Collected data:
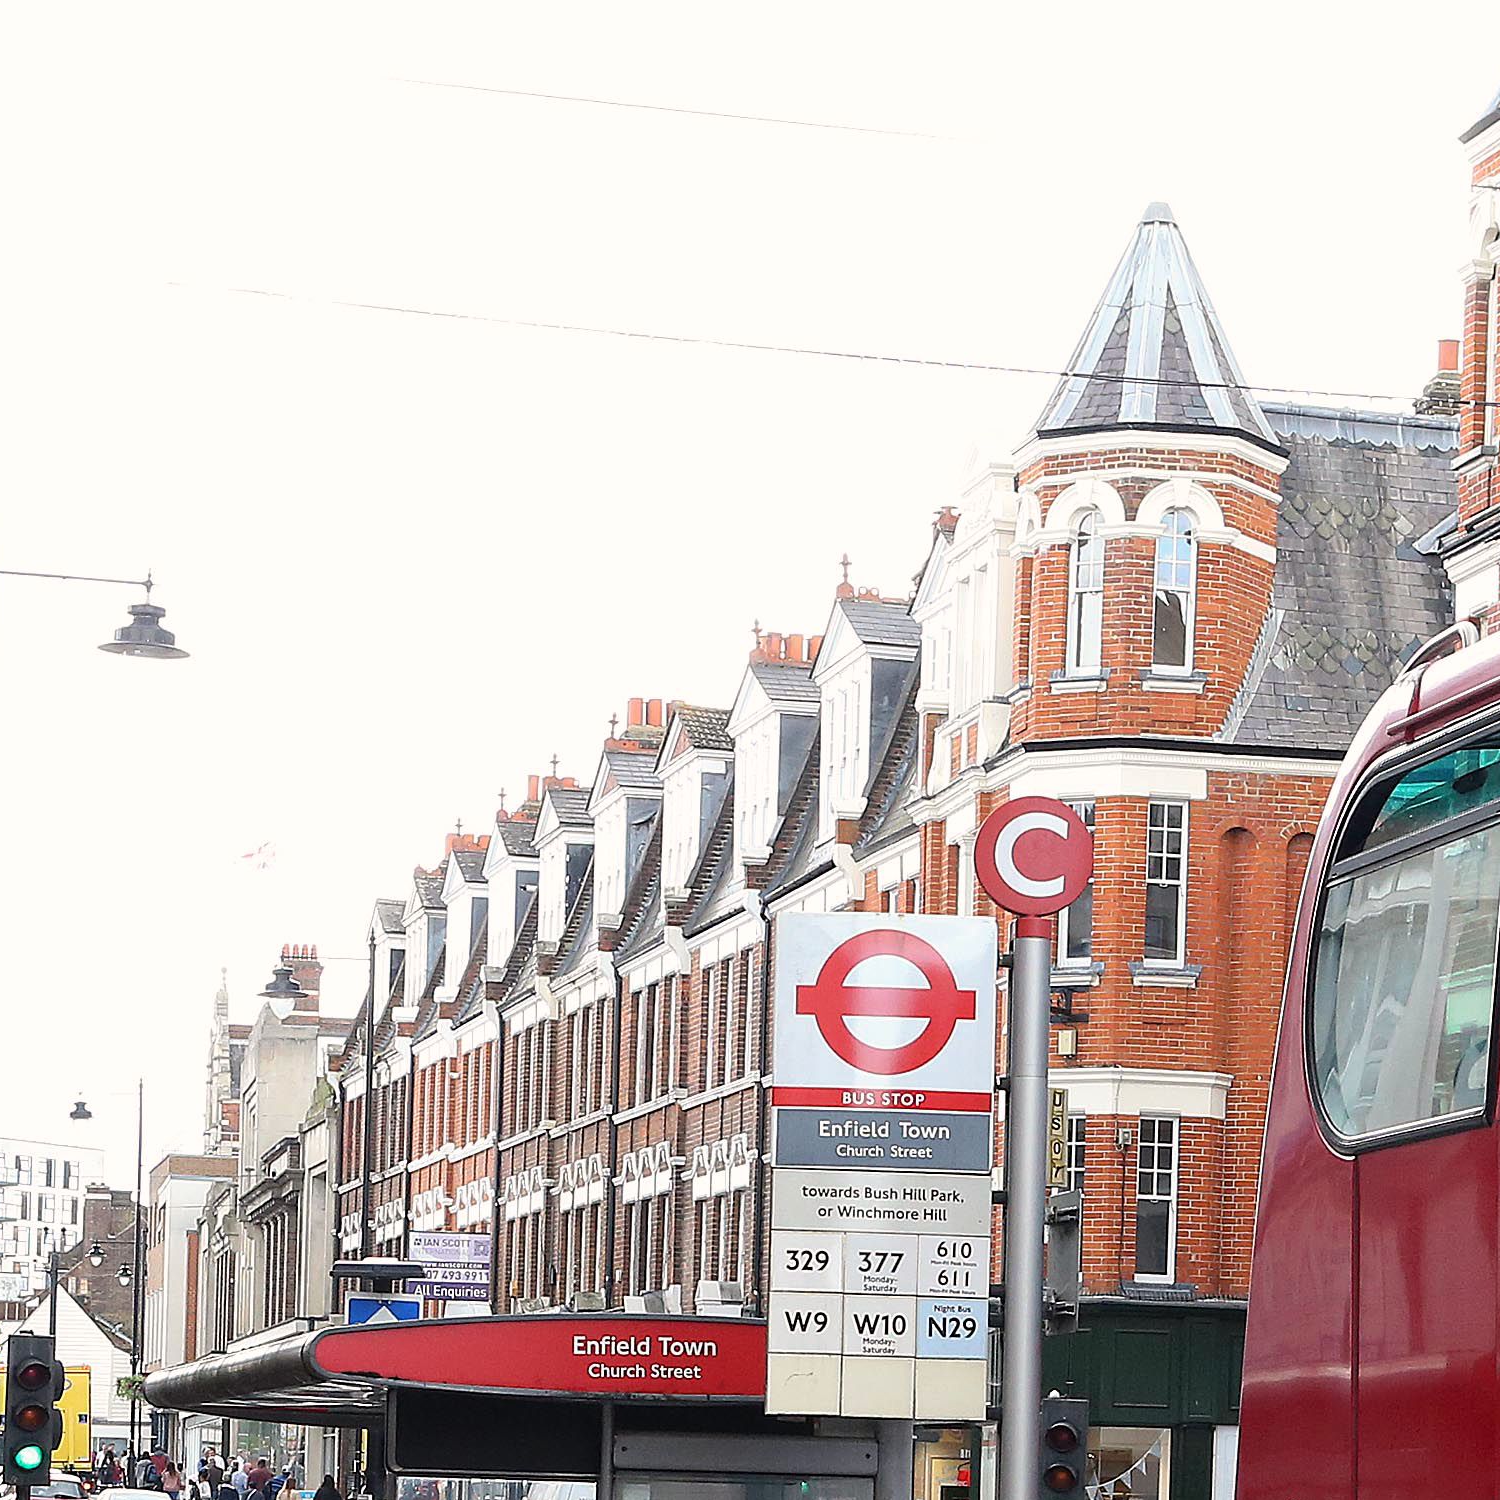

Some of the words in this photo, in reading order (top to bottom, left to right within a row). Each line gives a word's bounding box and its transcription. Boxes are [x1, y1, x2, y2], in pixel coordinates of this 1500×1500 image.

[994, 811, 1069, 898] C
[842, 1091, 875, 1105] BUS
[881, 1093, 925, 1106] STOP
[819, 1120, 889, 1138] Enfield
[899, 1122, 950, 1140] Town
[836, 1144, 884, 1157] Church
[890, 1145, 932, 1159] Street
[802, 1186, 859, 1198] towards
[865, 1187, 897, 1200] Bush
[903, 1188, 926, 1201] Hill
[931, 1190, 964, 1204] Park,
[818, 1207, 833, 1216] or
[838, 1206, 918, 1220] Winchmore
[924, 1209, 947, 1221] Hill
[423, 1239, 440, 1247] IAN
[442, 1239, 471, 1248] SCOTT
[786, 1250, 829, 1271] 329
[858, 1252, 904, 1273] 377
[937, 1241, 972, 1259] 610
[442, 1270, 461, 1280] 493
[465, 1271, 490, 1281] 9911
[864, 1276, 898, 1285] Monday-
[938, 1270, 970, 1287] 611
[415, 1285, 429, 1296] All
[434, 1285, 487, 1299] Enquiries
[863, 1284, 898, 1293] Saturday
[934, 1305, 955, 1313] Night
[957, 1305, 971, 1313] Bus
[785, 1311, 828, 1333] W9
[853, 1314, 906, 1335] W10
[928, 1317, 977, 1339] N29
[573, 1335, 650, 1356] Enfield
[658, 1337, 717, 1357] Town
[863, 1338, 895, 1347] Monday-
[862, 1346, 896, 1355] Saturday
[588, 1364, 645, 1378] Church
[650, 1364, 702, 1379] Street

> [Exercise requirements]:
Keeping the pictures out, print the entries above exactly as written.

> [Reply to the exercise]:
Some of the words in this photo, in reading order (top to bottom, left to right within a row). Each line gives a word's bounding box and its transcription. Boxes are [x1, y1, x2, y2], in pixel coordinates of this 1500×1500 image.

[994, 811, 1069, 898] C
[842, 1091, 875, 1105] BUS
[881, 1093, 925, 1106] STOP
[819, 1120, 889, 1138] Enfield
[899, 1122, 950, 1140] Town
[836, 1144, 884, 1157] Church
[890, 1145, 932, 1159] Street
[802, 1186, 859, 1198] towards
[865, 1187, 897, 1200] Bush
[903, 1188, 926, 1201] Hill
[931, 1190, 964, 1204] Park,
[818, 1207, 833, 1216] or
[838, 1206, 918, 1220] Winchmore
[924, 1209, 947, 1221] Hill
[423, 1239, 440, 1247] IAN
[442, 1239, 471, 1248] SCOTT
[786, 1250, 829, 1271] 329
[858, 1252, 904, 1273] 377
[937, 1241, 972, 1259] 610
[442, 1270, 461, 1280] 493
[465, 1271, 490, 1281] 9911
[864, 1276, 898, 1285] Monday-
[938, 1270, 970, 1287] 611
[415, 1285, 429, 1296] All
[434, 1285, 487, 1299] Enquiries
[863, 1284, 898, 1293] Saturday
[934, 1305, 955, 1313] Night
[957, 1305, 971, 1313] Bus
[785, 1311, 828, 1333] W9
[853, 1314, 906, 1335] W10
[928, 1317, 977, 1339] N29
[573, 1335, 650, 1356] Enfield
[658, 1337, 717, 1357] Town
[863, 1338, 895, 1347] Monday-
[862, 1346, 896, 1355] Saturday
[588, 1364, 645, 1378] Church
[650, 1364, 702, 1379] Street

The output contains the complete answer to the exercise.